Aussie eSports team banned from League of Legends

Team Immunity, one of Australia’s longest-running eSports teams, has been banned from League of Legends tournaments for two years, after failing to pay the players. Riot reportedly handed down multiple warnings, but the team did not make minimum match payments to its League gamers, failing to meet the requirements of the Oceanic Pro League requirements.

Because we live in a world where people are paid for being good at video games, all teams in the Oceanic Pro League sign an agreement with Riot promising to pay players a minimum amount per match, within a set time period. Following the first two splits of the 2015 season, Riot received statements from players alleging that Team Immunity had not paid up within the agreed-upon time period, putting the team firmly in breach of its agreement.

Riot Games, through the OPL, will ensure that all affected gamers are given the payment that is owed to them, and has promised to help players to continue playing in OPL under a new team name.

League spokesperson Daniel Ringland explains:

Team Immunity has repeatedly proven they are not capable of operating at the standards we expect on behalf of their players and fans. The players themselves, however, have done nothing wrong here, and we will work with them as they decide what path to follow in the 2016 season of OPL.

Ringland explains that this is part of Riot rewarding top-level players for their investment into the game.

The OPL believes it is important that professional players in Oceania receive match payments to compensate them for the time and effort they put into their play, as well as the pressures they face. We believe it is unacceptable for organisations to repeatedly withhold or delay payments owed to their players.

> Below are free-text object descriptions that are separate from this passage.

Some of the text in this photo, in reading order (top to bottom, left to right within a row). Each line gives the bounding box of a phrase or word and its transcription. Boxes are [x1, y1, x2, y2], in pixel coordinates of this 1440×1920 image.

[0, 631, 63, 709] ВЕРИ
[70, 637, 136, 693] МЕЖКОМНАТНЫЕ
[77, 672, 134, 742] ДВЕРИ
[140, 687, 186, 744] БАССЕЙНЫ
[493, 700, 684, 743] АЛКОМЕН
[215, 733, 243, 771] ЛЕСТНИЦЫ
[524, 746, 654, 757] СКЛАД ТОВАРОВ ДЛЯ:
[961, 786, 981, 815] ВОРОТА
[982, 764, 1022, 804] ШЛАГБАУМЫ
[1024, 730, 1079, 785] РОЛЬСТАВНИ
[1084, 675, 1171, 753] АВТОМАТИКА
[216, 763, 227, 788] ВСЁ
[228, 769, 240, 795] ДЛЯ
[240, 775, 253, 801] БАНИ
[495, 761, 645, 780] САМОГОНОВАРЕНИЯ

The owners, and the organisation known as Team Immunity, on the other hand, has been banned from the OPL and any other official League of Legends tournaments for the next two years. After that time has passed, a review will be conducted to consider allowing Team Immunity back into the competition. And, “to avoid doubt”, the ban will be applied to any Riot competition, including at university level as well as professional and semi-professional games.

Team Immunity has taken to Twitter to make a public comment:

We are currently in discussions with Riot management as we believe a mistake has been made. We will issue a further statement in due course.

The comments both on the OCE post and the Team Immunity Twitter suggests that this is perhaps not the first time that the team has short-changed its players (StarCraft II player Targa claims the team owes him $1,500 for a tournament win), so it will be interesting to see what this “mistake” actually is.